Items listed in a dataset
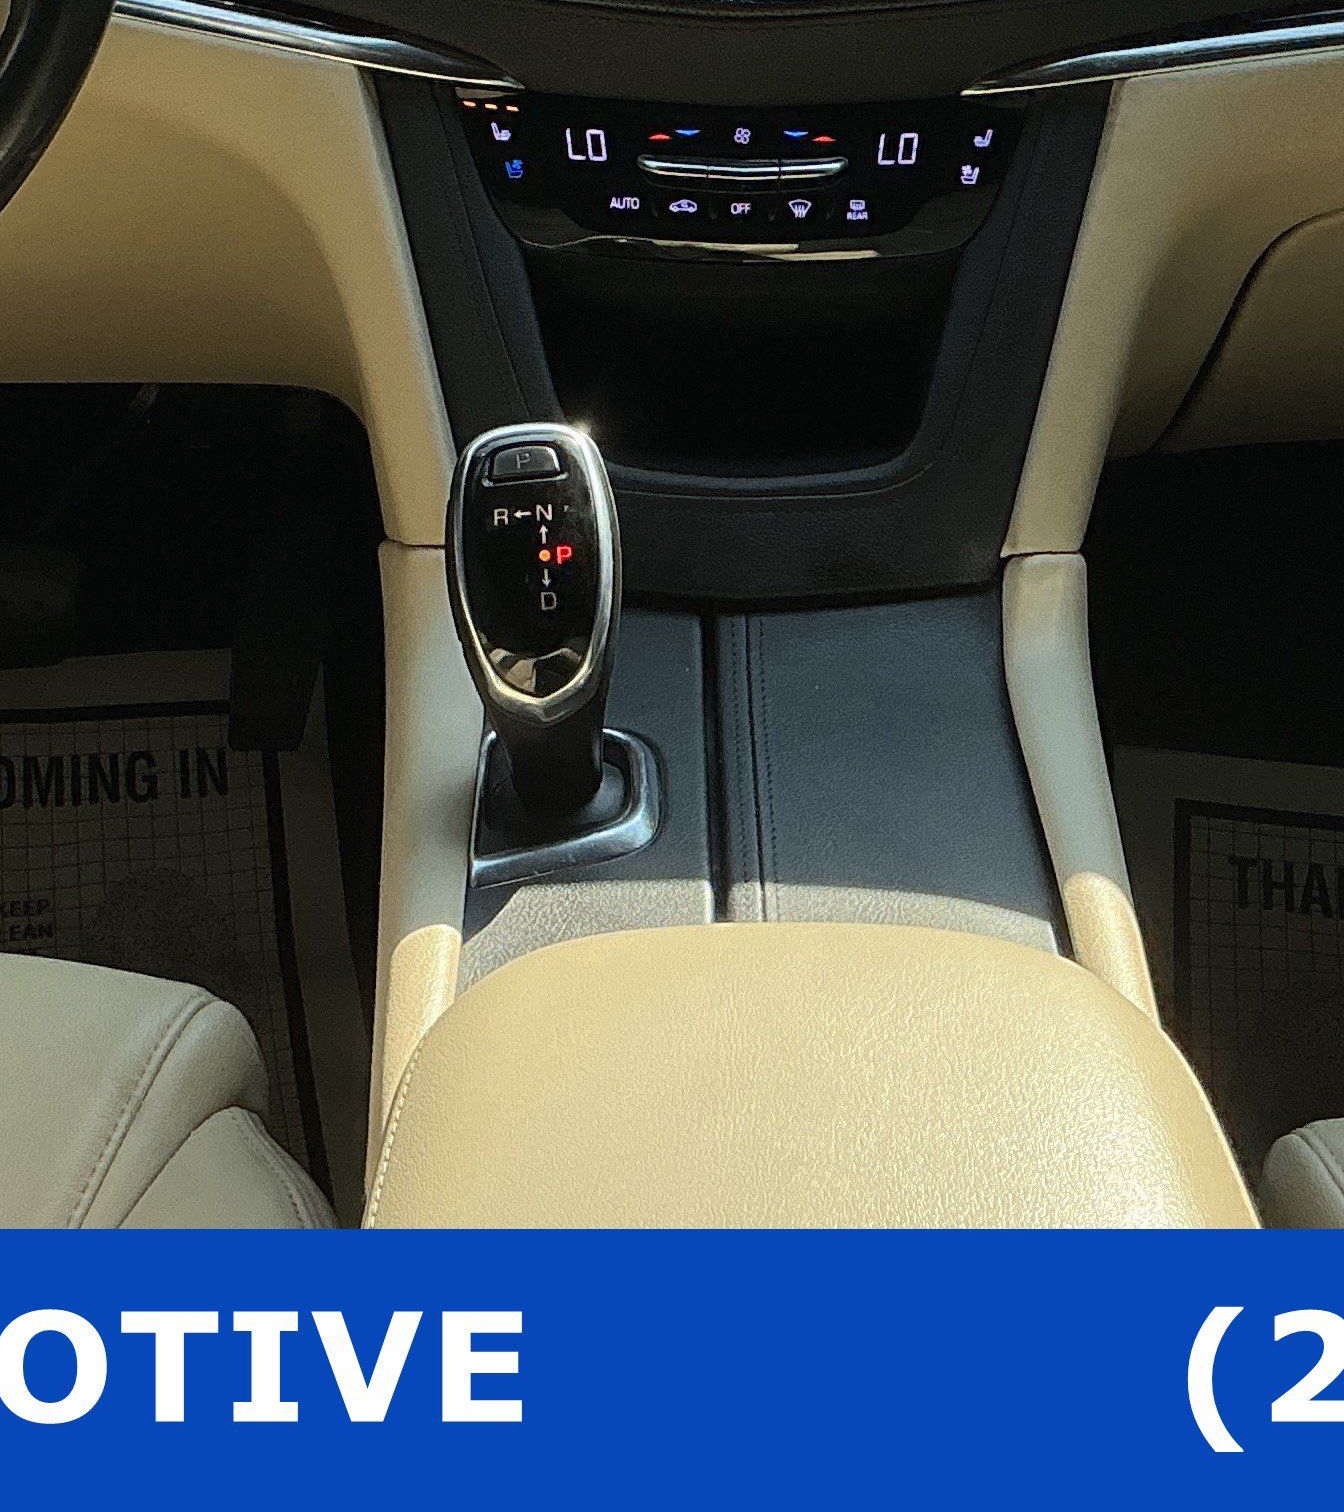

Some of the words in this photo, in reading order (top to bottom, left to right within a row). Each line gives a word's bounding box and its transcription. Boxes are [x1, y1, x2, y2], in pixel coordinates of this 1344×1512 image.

[564, 127, 608, 163] LO
[877, 131, 919, 167] LO
[609, 196, 640, 211] AUTO
[730, 202, 752, 216] OFF
[846, 211, 868, 221] REAR
[493, 507, 510, 526] R
[535, 504, 553, 523] N
[556, 545, 573, 565] P
[540, 592, 558, 612] D
[179, 747, 231, 799] IN

Work to complete
Where a record above holds a picture, drop the picture and print the rest exactly.

Response below
Some of the words in this photo, in reading order (top to bottom, left to right within a row). Each line gives a word's bounding box and its transcription. Boxes are [x1, y1, x2, y2], in pixel coordinates of this 1344×1512 image.

[564, 127, 608, 163] LO
[877, 131, 919, 167] LO
[609, 196, 640, 211] AUTO
[730, 202, 752, 216] OFF
[846, 211, 868, 221] REAR
[493, 507, 510, 526] R
[535, 504, 553, 523] N
[556, 545, 573, 565] P
[540, 592, 558, 612] D
[179, 747, 231, 799] IN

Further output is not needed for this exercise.